It's been discussed several places on the board; an industry magazine published that D&D 4 was tied with Pathfinder as the best selling RPG in game stories, and Erik Mona said that matched the data he had. I've been watching the Amazon data Amazon.com Bestsellers: The most popular items in Fantasy Gaming since this thread, and Pathfinder has been competitive with D&D whenever I've looked. Right now, after removing the miscategorized fantasy, PF Bestiary 2 ($27) and PF Corebook ($32) are #1 and #2, with the Red Box ($14) and Monster Vault ($20) being #3 and #4. I don't recall PF having #1 and #2 before, but it's never not had an expensive book in the top 5.

Whether or not anyone is adding in PF or DDI subscriptions is another matter, since those are Paizo and WotC internal numbers.


----------



## Mr Baron (Jan 19, 2011)

*Welcome Back!*

Looking forward to reading your monthly essays!


----------



## tenkar (Jan 19, 2011)

Damn insightful.  Even a shout out to the OSR movement


----------



## Goblinoid Games (Jan 19, 2011)

Ryan, I'm very much interested in your column and look forward to future articles. As an OSR publisher I'm infinitely grateful for your work on the OGL and SRD, which is why I mention you in the acknowledgments of my core books. Thanks again!


----------



## danbuter1 (Jan 19, 2011)

I'm not really surprised that PF would tie with 4e in sales. It had a built in audience. 

I think it's funny that some people actually think 4e is outselling 3e, though.

The future will be very interesting at WotC. I suspect 5e, if it is ever published, has been bumped up based on sales alone.


----------



## delericho (Jan 19, 2011)

prosfilaes said:


> It's been discussed several places on the board; an industry magazine published that D&D 4 was tied with Pathfinder as the best selling RPG in game stories, and Erik Mona said that matched the data he had.




Indeed. I knew they were tied; what I found surprising was the assertion that Pathfinder was _outselling_ 4e.



> Whether or not anyone is adding in PF or DDI subscriptions is another matter, since those are Paizo and WotC internal numbers.

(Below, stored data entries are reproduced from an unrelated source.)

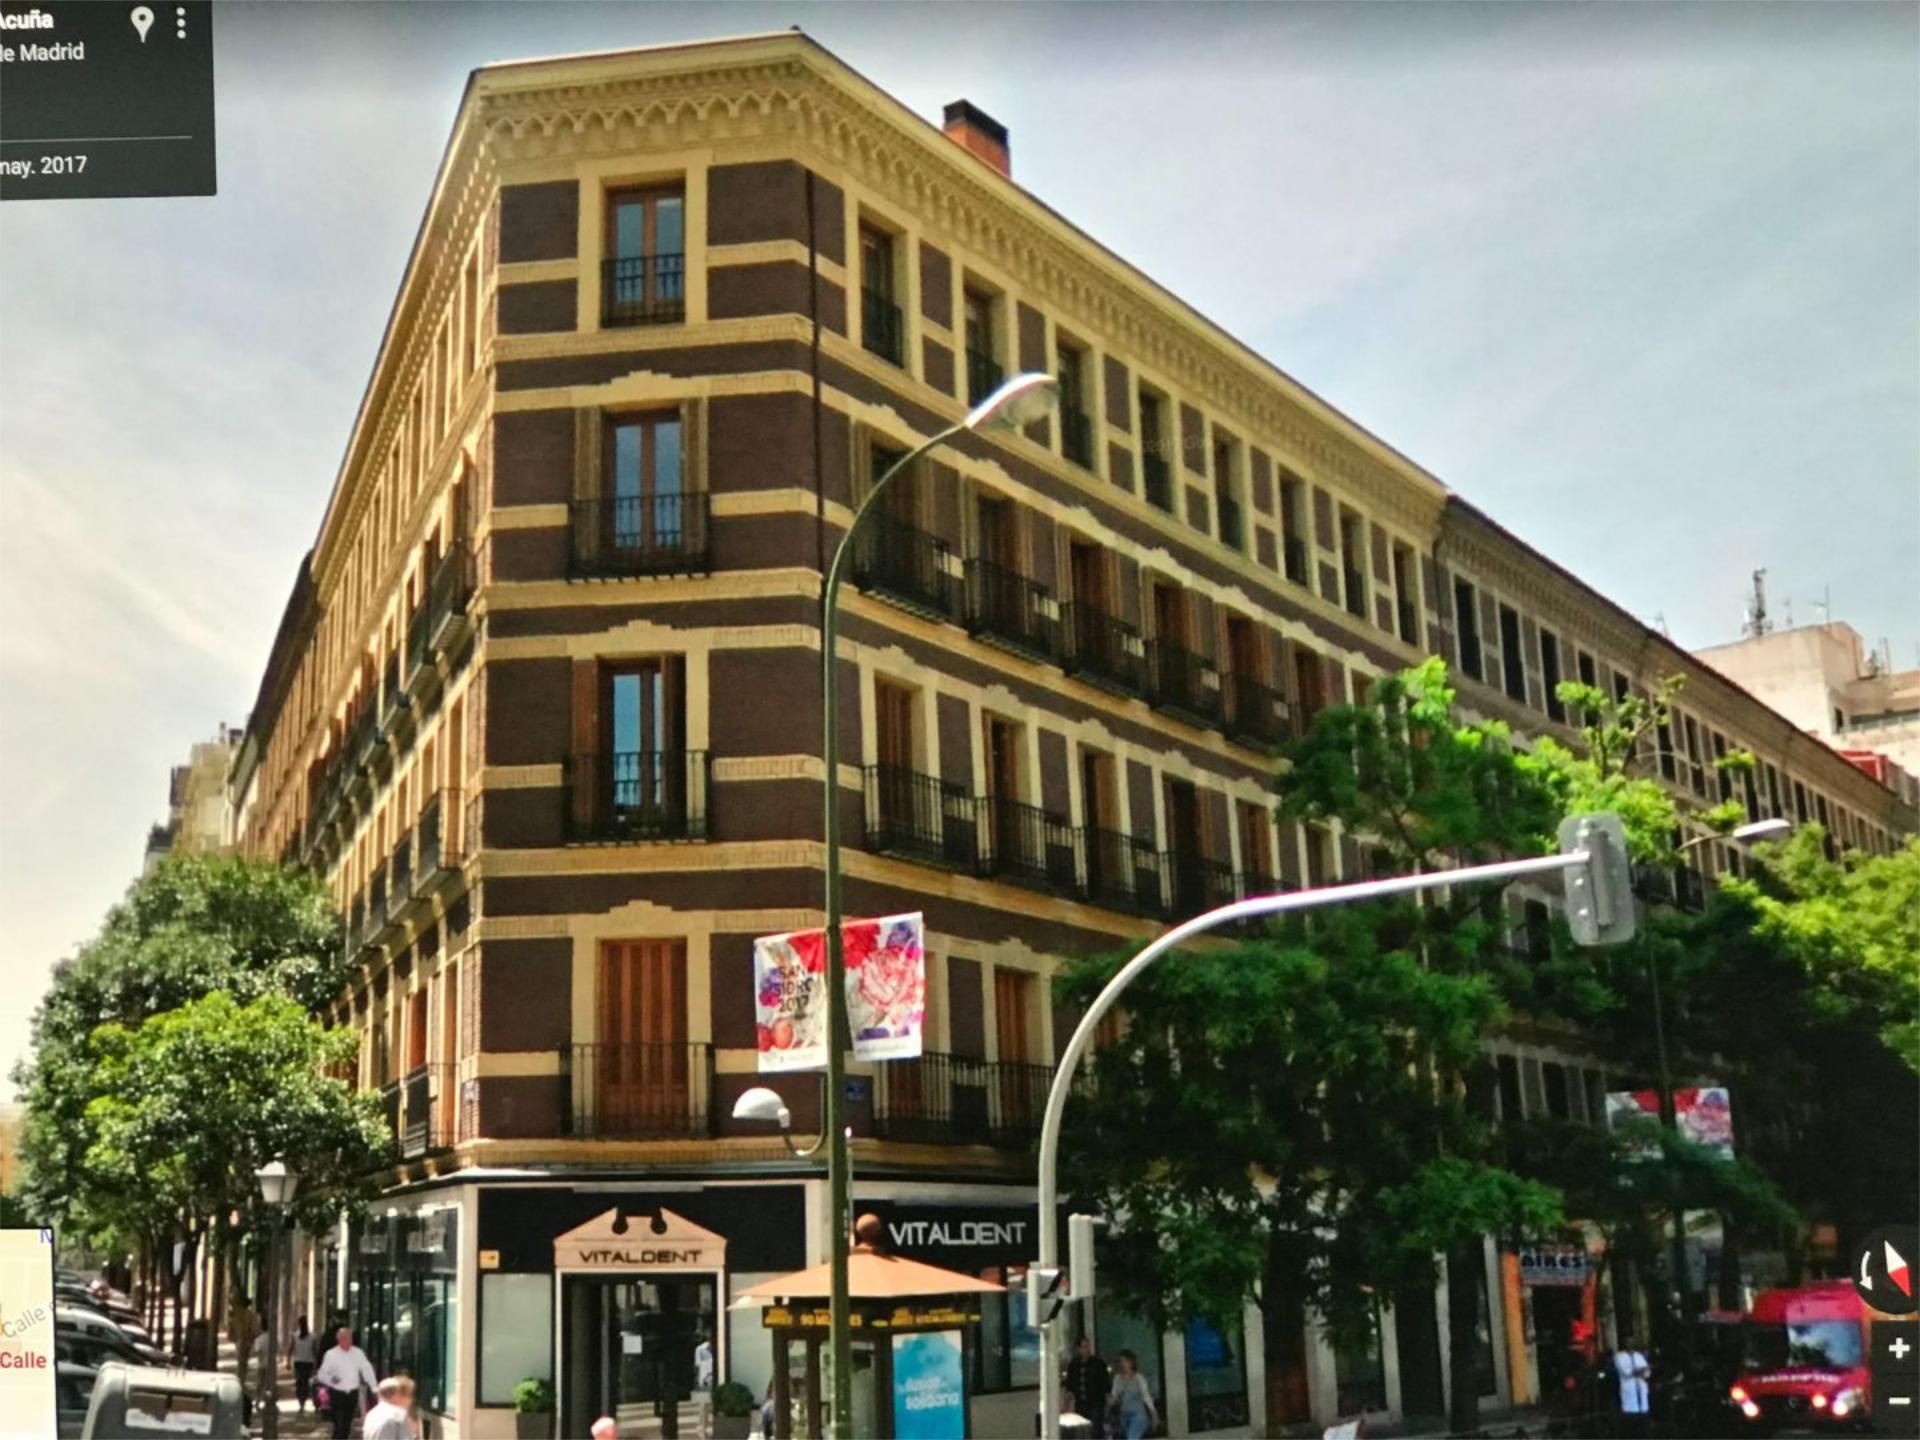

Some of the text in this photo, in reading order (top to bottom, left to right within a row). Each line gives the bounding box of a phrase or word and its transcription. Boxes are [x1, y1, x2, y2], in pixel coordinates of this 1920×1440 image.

[19, 41, 85, 62] Madrid
[40, 155, 88, 175] 2017
[888, 1221, 1027, 1246] VITALDENT
[578, 1249, 703, 1264] VITALDENT
[2, 1307, 46, 1339] Calle
[0, 1351, 47, 1369] Calle

This is a very important factor. Both Pathfinder and 4e do a huge proportion of their business directly now. (4e probably does more, but will also have significantly higher costs.)

Interesting times.


----------



## cibet (Jan 19, 2011)

Mr Dancey,

I look forward to your column. Great to have you back in the RPG public space.

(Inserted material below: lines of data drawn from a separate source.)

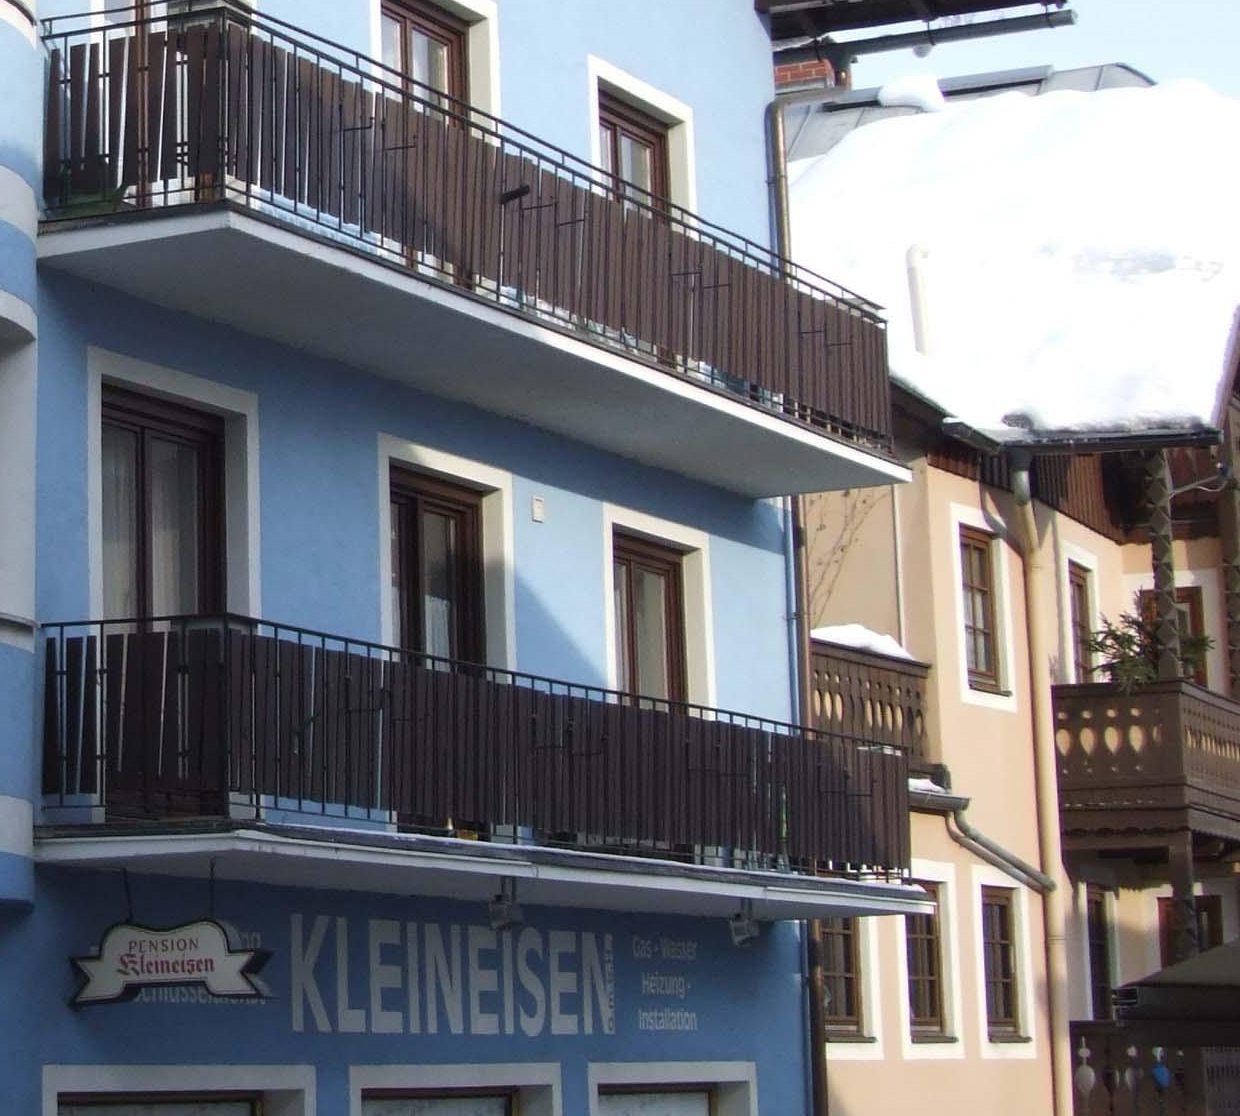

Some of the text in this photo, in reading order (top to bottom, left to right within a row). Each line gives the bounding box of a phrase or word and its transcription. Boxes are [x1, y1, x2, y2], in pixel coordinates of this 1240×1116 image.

[128, 938, 199, 953] PENSION
[116, 953, 216, 976] Kleineisen
[290, 914, 615, 1036] KLEINEISEN
[641, 971, 686, 999] Heizung
[638, 1006, 698, 1031] Installation
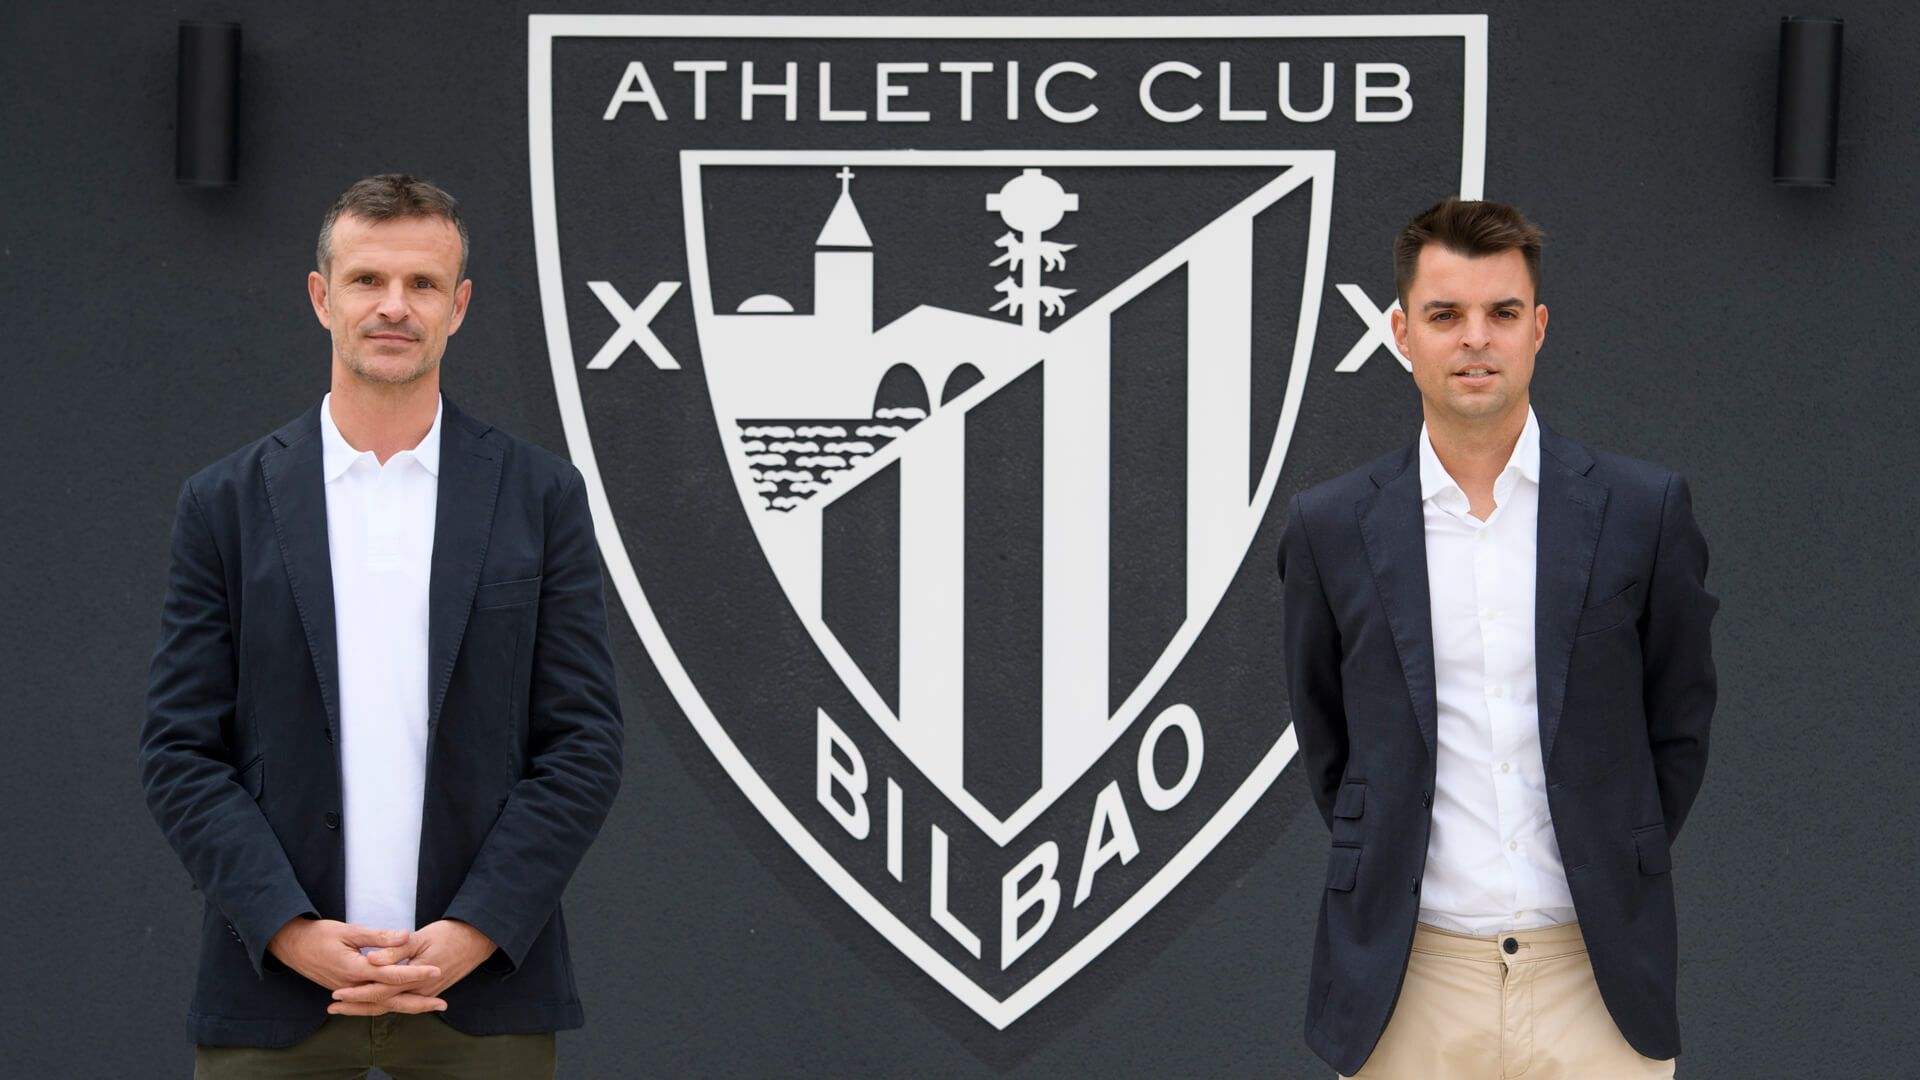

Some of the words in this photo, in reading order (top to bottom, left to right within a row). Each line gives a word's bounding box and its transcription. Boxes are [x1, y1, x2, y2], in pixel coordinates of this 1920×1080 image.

[603, 61, 1099, 123] ATHLETIC
[1139, 61, 1413, 123] CLUB
[816, 703, 1205, 971] BILBAO

Did you ever think you would see this day and the state of the current version of D&D as compared to the previous versions and one 3.5 clone particularly? You probably did.

I hope your next professional position puts you back in the RPG publishing space.


----------



## Ry (Jan 19, 2011)

(psst. Ry to Ry, I can't wait to read more of your thoughts.)


----------



## Mercurius (Jan 19, 2011)

Thanks RyanD, that pretty much resonates with my perspective. In some sense it seems that WotC has become a kind of tragedy of errors - they just keep on making similar mistakes, errors of judgment, etc, as if they're really out of touch with reality. Make one mistake? OK, might as well compound it with another.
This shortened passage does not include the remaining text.